__DATA RECORDS__
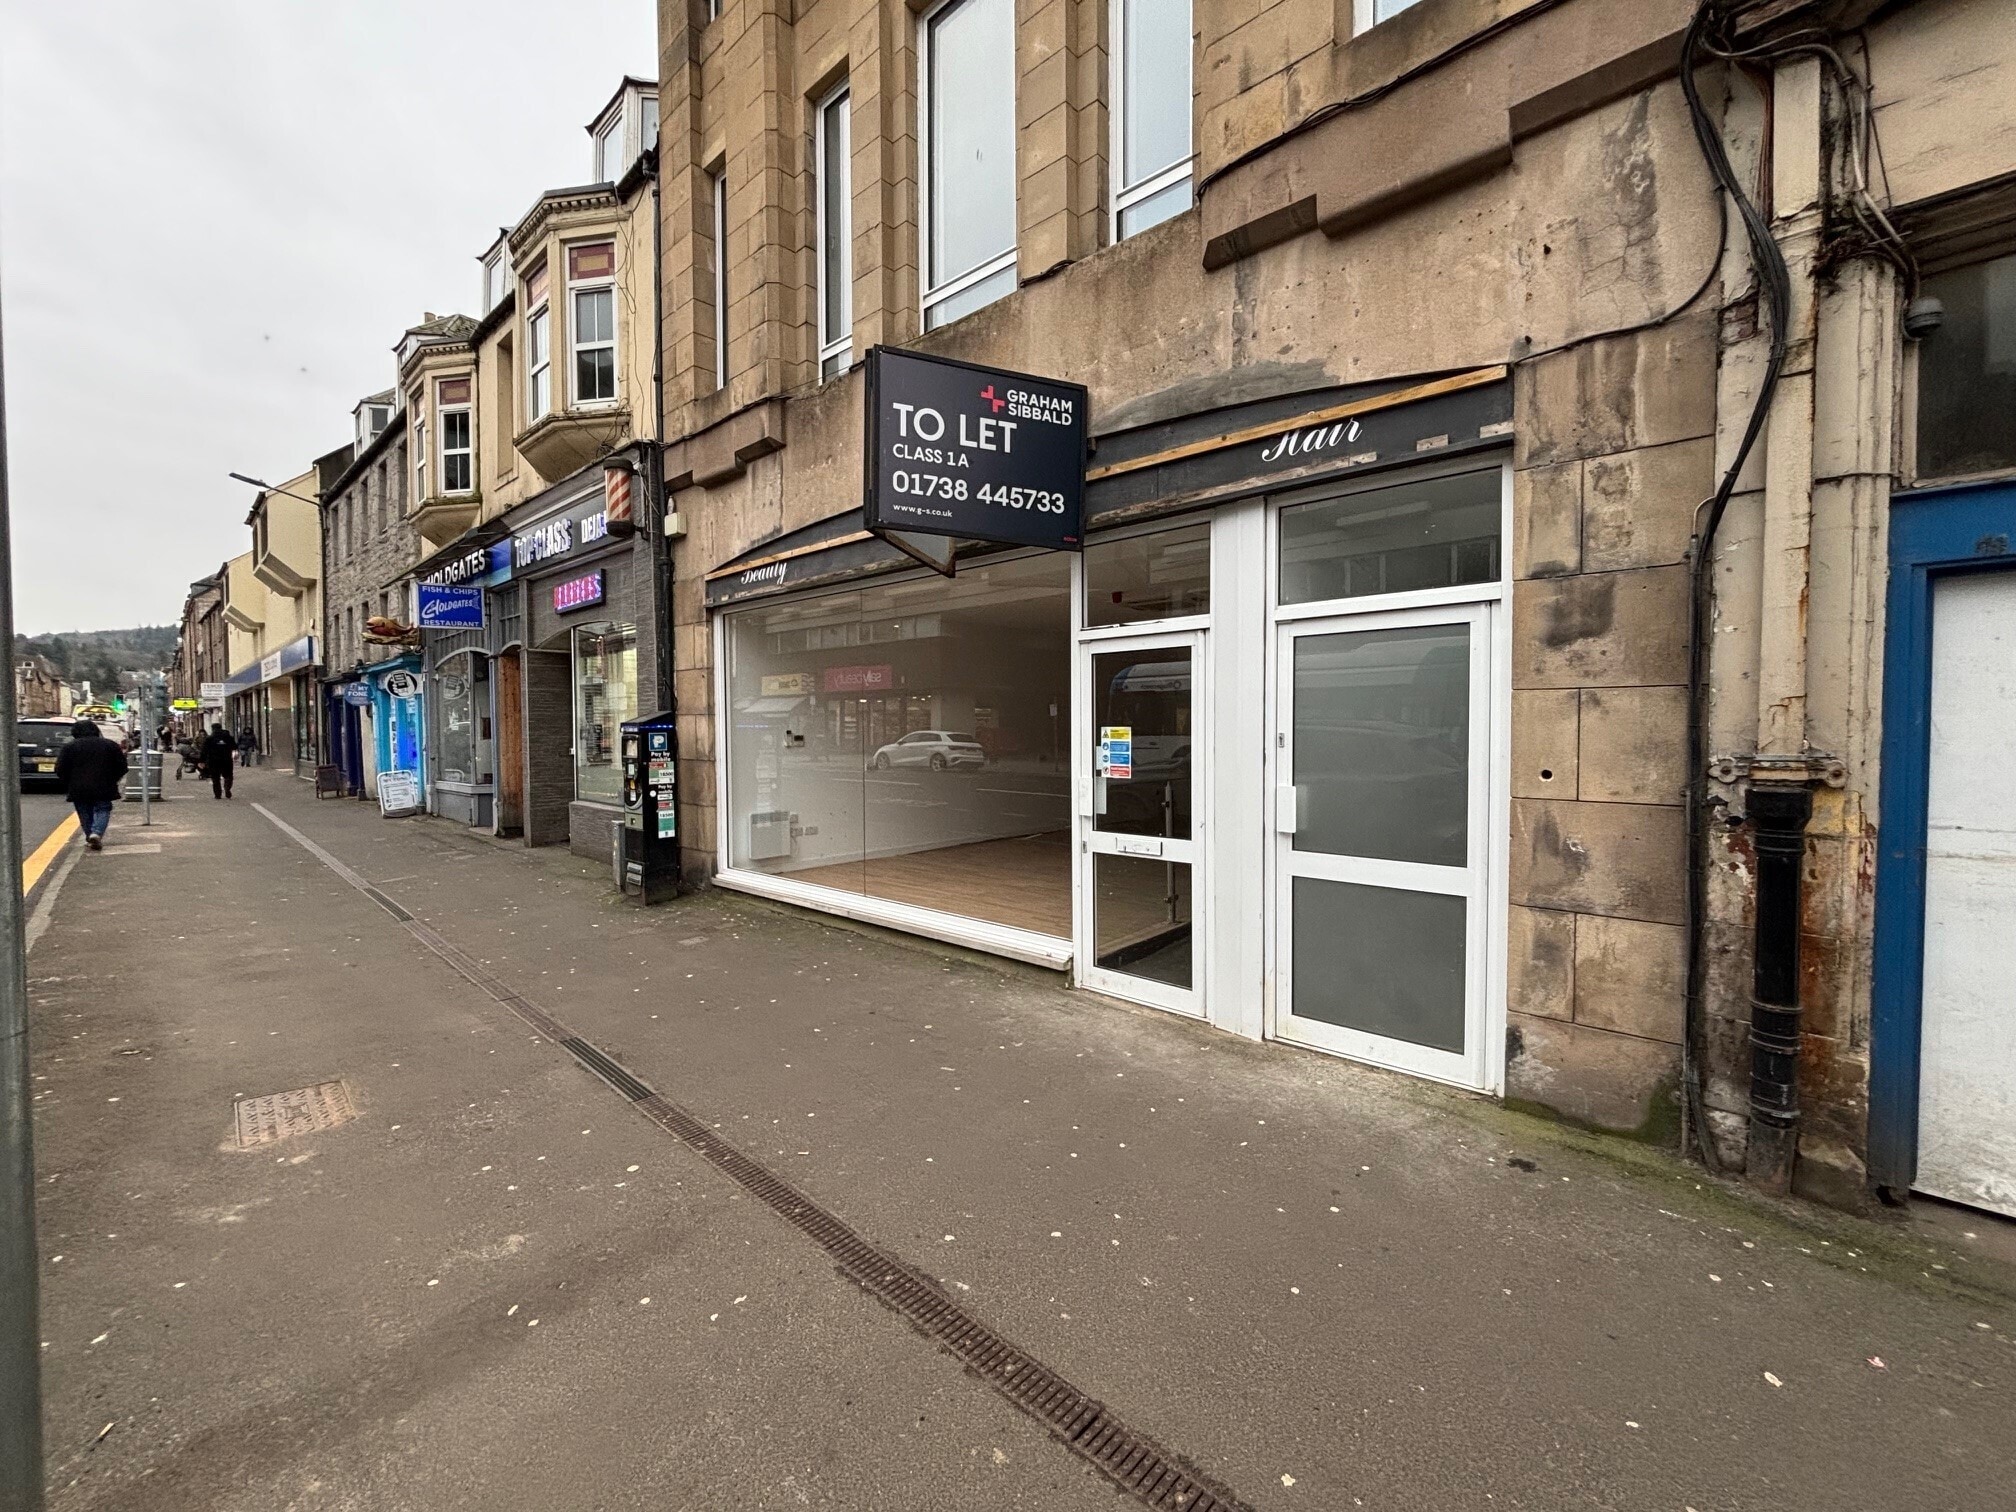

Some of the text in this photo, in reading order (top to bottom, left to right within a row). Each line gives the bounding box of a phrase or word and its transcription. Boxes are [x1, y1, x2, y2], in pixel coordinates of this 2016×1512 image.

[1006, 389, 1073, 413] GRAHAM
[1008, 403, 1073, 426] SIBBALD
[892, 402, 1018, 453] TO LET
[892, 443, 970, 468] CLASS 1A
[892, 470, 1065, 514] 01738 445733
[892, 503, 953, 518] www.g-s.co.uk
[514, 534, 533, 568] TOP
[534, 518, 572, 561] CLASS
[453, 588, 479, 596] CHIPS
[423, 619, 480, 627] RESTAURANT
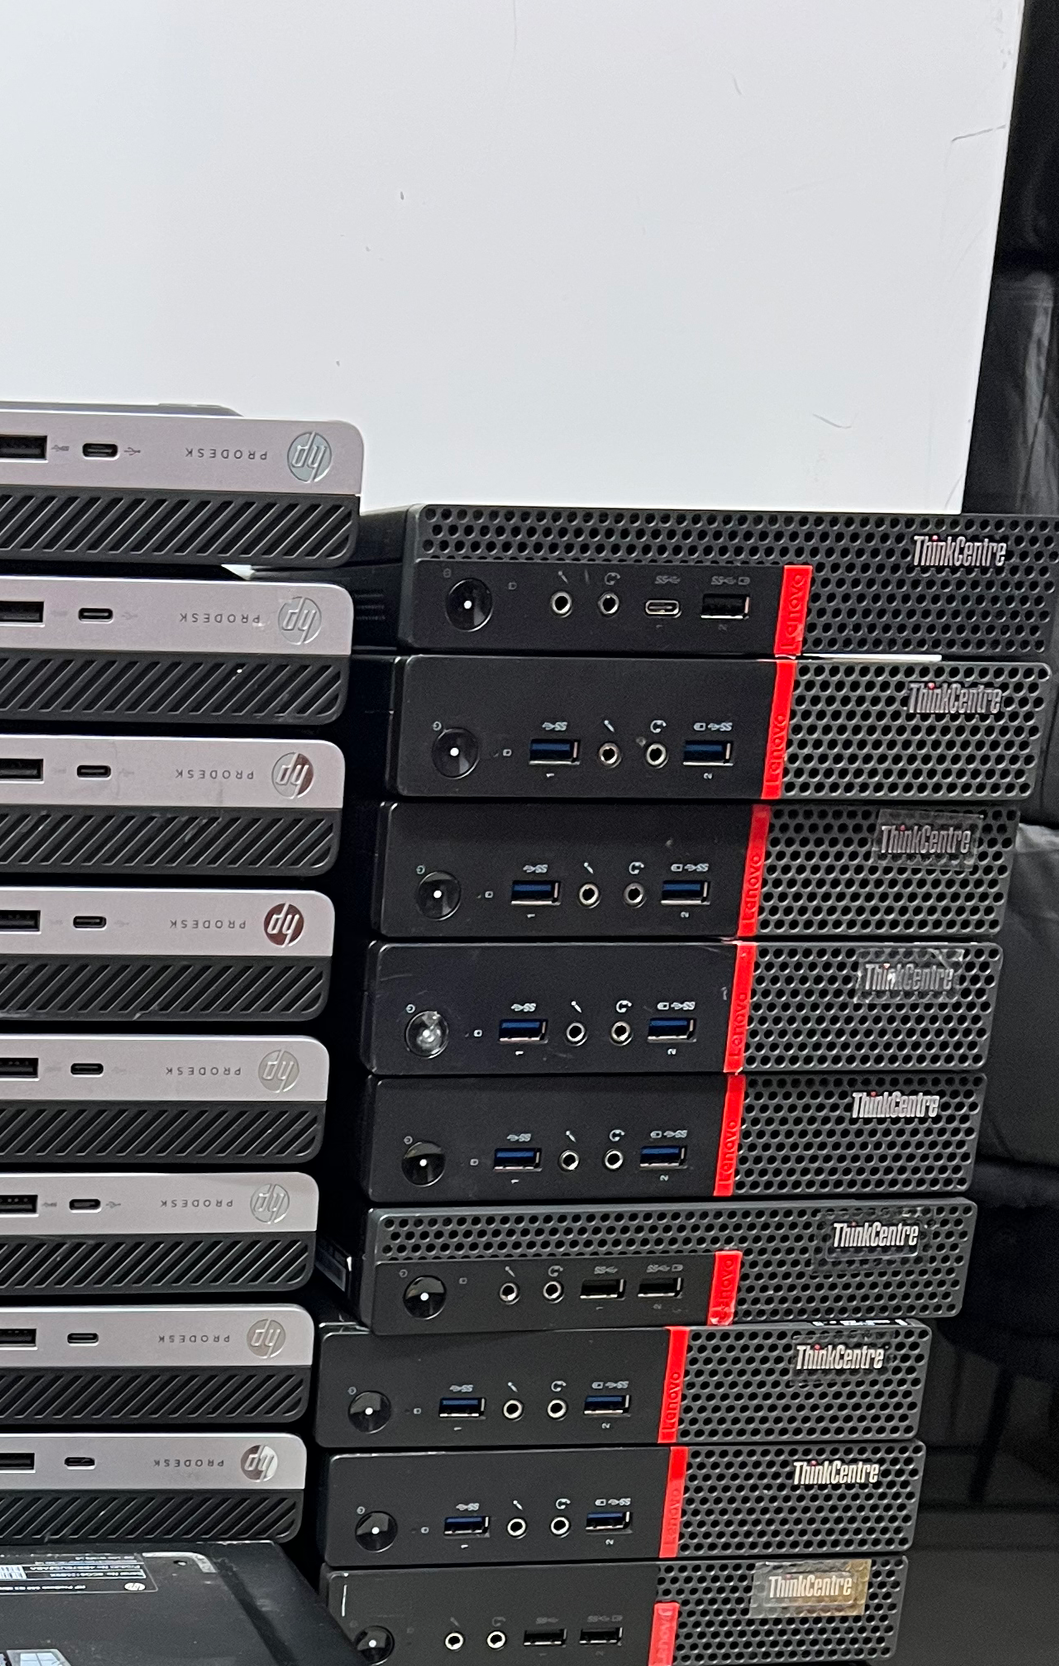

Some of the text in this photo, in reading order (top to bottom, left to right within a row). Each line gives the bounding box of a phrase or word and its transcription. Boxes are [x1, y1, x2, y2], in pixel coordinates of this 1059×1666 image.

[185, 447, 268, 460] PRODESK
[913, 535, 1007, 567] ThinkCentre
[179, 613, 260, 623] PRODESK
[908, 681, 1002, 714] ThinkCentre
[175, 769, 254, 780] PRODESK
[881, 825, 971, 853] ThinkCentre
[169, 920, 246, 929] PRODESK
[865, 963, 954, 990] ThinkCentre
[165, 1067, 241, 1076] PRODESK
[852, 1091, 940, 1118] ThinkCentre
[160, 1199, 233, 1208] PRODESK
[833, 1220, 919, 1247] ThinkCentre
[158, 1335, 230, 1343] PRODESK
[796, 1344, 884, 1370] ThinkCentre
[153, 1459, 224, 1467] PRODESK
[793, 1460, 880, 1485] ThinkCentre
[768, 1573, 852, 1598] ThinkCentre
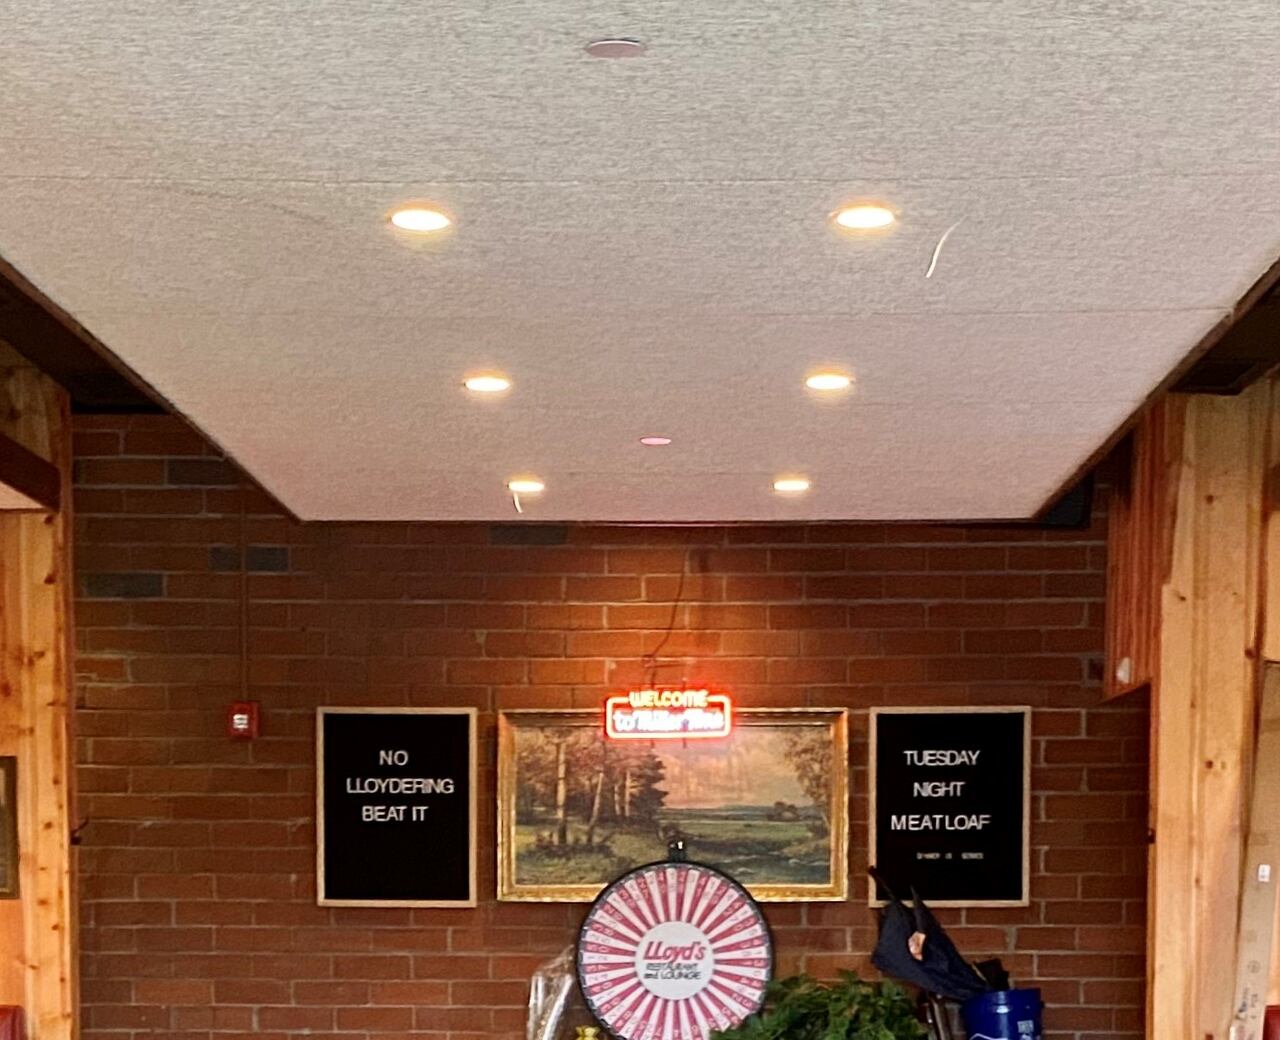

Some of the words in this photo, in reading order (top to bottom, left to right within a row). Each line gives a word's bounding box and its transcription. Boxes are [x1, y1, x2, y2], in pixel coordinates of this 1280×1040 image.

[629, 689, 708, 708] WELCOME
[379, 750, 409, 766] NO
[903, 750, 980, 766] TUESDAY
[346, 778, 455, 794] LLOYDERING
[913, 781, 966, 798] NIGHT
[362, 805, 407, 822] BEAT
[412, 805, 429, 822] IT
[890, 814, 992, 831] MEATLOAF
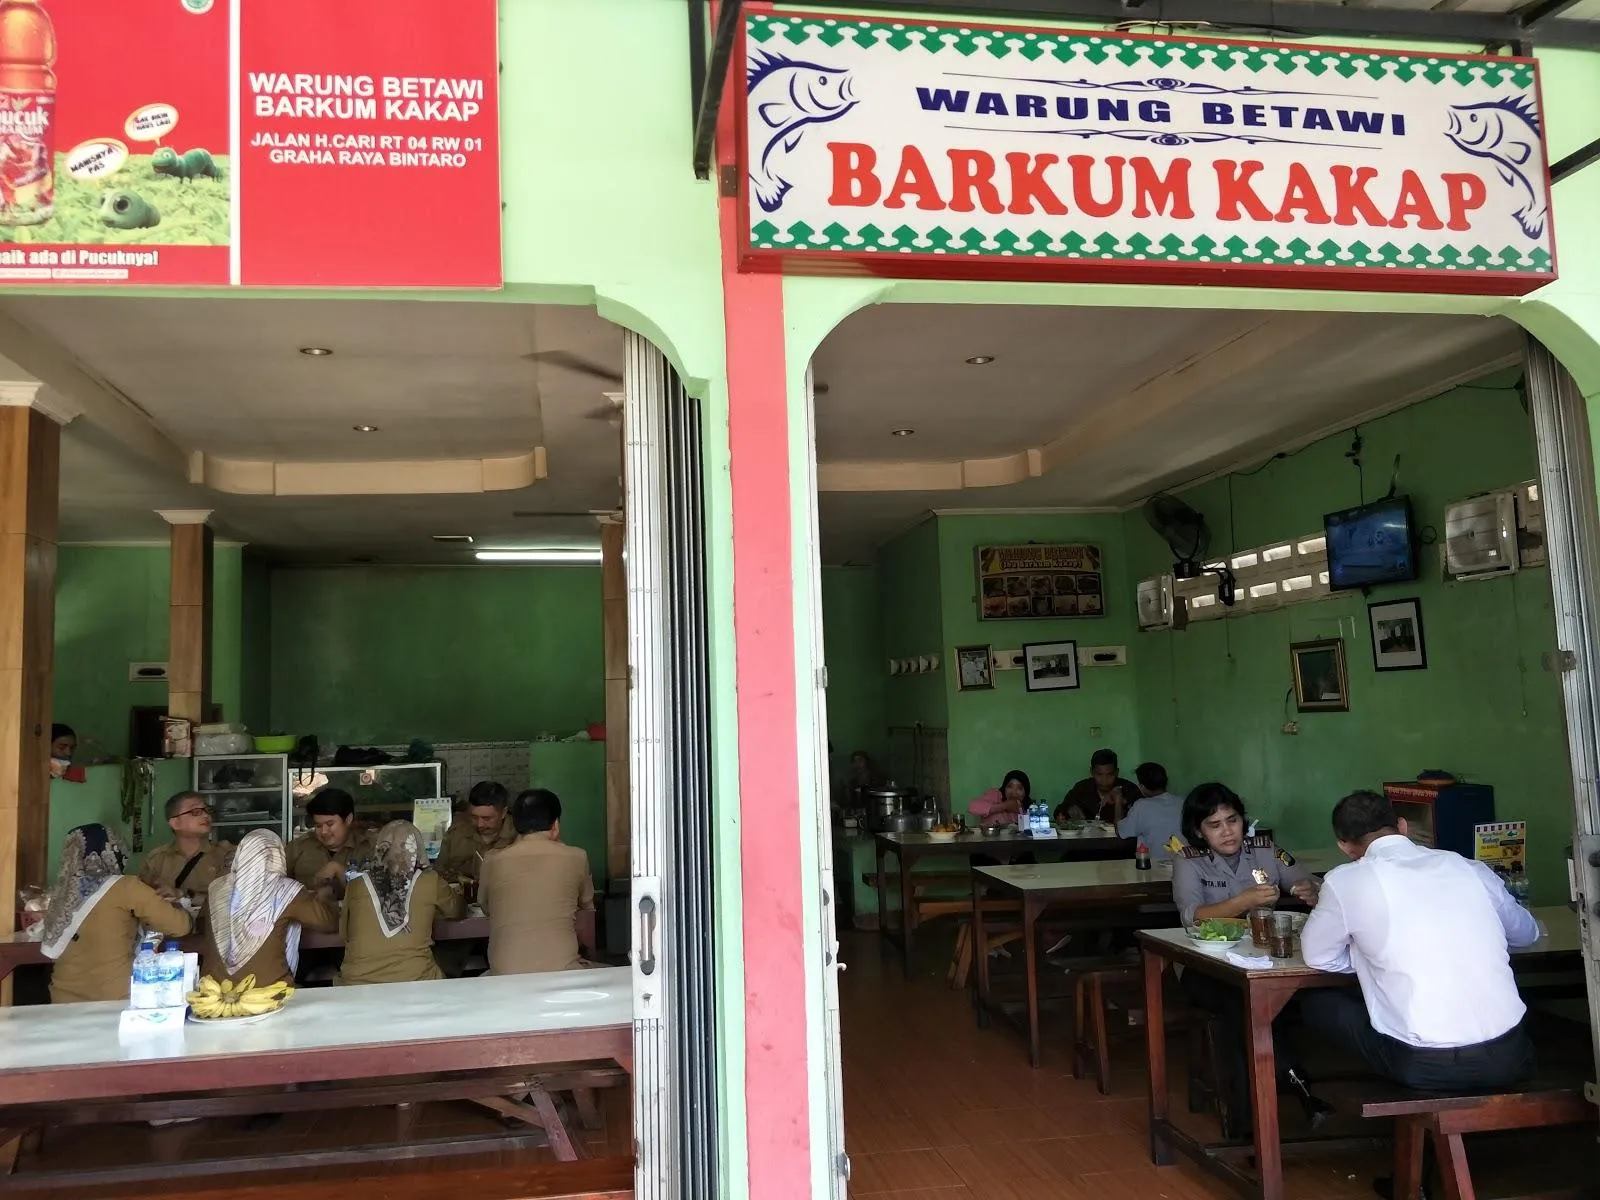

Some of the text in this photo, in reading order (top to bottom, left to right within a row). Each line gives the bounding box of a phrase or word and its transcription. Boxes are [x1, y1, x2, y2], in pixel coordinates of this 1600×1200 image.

__ACTIVITY__
Leave out the pictures and copy everything else in the records word for word.

__REPLY TO THE TASK__
Some of the text in this photo, in reading order (top to bottom, left to right within a row). Each line gives the bounding box of a phrase or word and its transcription. Boxes are [x1, y1, x2, y2], in pixel coordinates of this 2016×1512 image.

[1006, 389, 1073, 413] GRAHAM
[1008, 403, 1073, 426] SIBBALD
[892, 402, 1018, 453] TO LET
[892, 443, 970, 468] CLASS 1A
[892, 470, 1065, 514] 01738 445733
[892, 503, 953, 518] www.g-s.co.uk
[514, 534, 533, 568] TOP
[534, 518, 572, 561] CLASS
[453, 588, 479, 596] CHIPS
[423, 619, 480, 627] RESTAURANT

Some of the text in this photo, in reading order (top to bottom, left to right within a row). Each line gives the bounding box of a phrase or word and its transcription. Boxes are [x1, y1, x2, y2], in pixel coordinates of this 1059×1666 image.

[185, 447, 268, 460] PRODESK
[913, 535, 1007, 567] ThinkCentre
[179, 613, 260, 623] PRODESK
[908, 681, 1002, 714] ThinkCentre
[175, 769, 254, 780] PRODESK
[881, 825, 971, 853] ThinkCentre
[169, 920, 246, 929] PRODESK
[865, 963, 954, 990] ThinkCentre
[165, 1067, 241, 1076] PRODESK
[852, 1091, 940, 1118] ThinkCentre
[160, 1199, 233, 1208] PRODESK
[833, 1220, 919, 1247] ThinkCentre
[158, 1335, 230, 1343] PRODESK
[796, 1344, 884, 1370] ThinkCentre
[153, 1459, 224, 1467] PRODESK
[793, 1460, 880, 1485] ThinkCentre
[768, 1573, 852, 1598] ThinkCentre

Some of the words in this photo, in reading order (top to bottom, left to right within a row). Each line gives a word's bounding box and its transcription. Boxes are [x1, y1, x2, y2], in pixel coordinates of this 1280×1040 image.

[629, 689, 708, 708] WELCOME
[379, 750, 409, 766] NO
[903, 750, 980, 766] TUESDAY
[346, 778, 455, 794] LLOYDERING
[913, 781, 966, 798] NIGHT
[362, 805, 407, 822] BEAT
[412, 805, 429, 822] IT
[890, 814, 992, 831] MEATLOAF

Some of the text in this photo, in reading order (top to bottom, left to right within a row). Each line gives the bounding box of a phrase or word and its transcription. Boxes are [x1, y1, x2, y2], in pixel coordinates of this 1600×1200 image.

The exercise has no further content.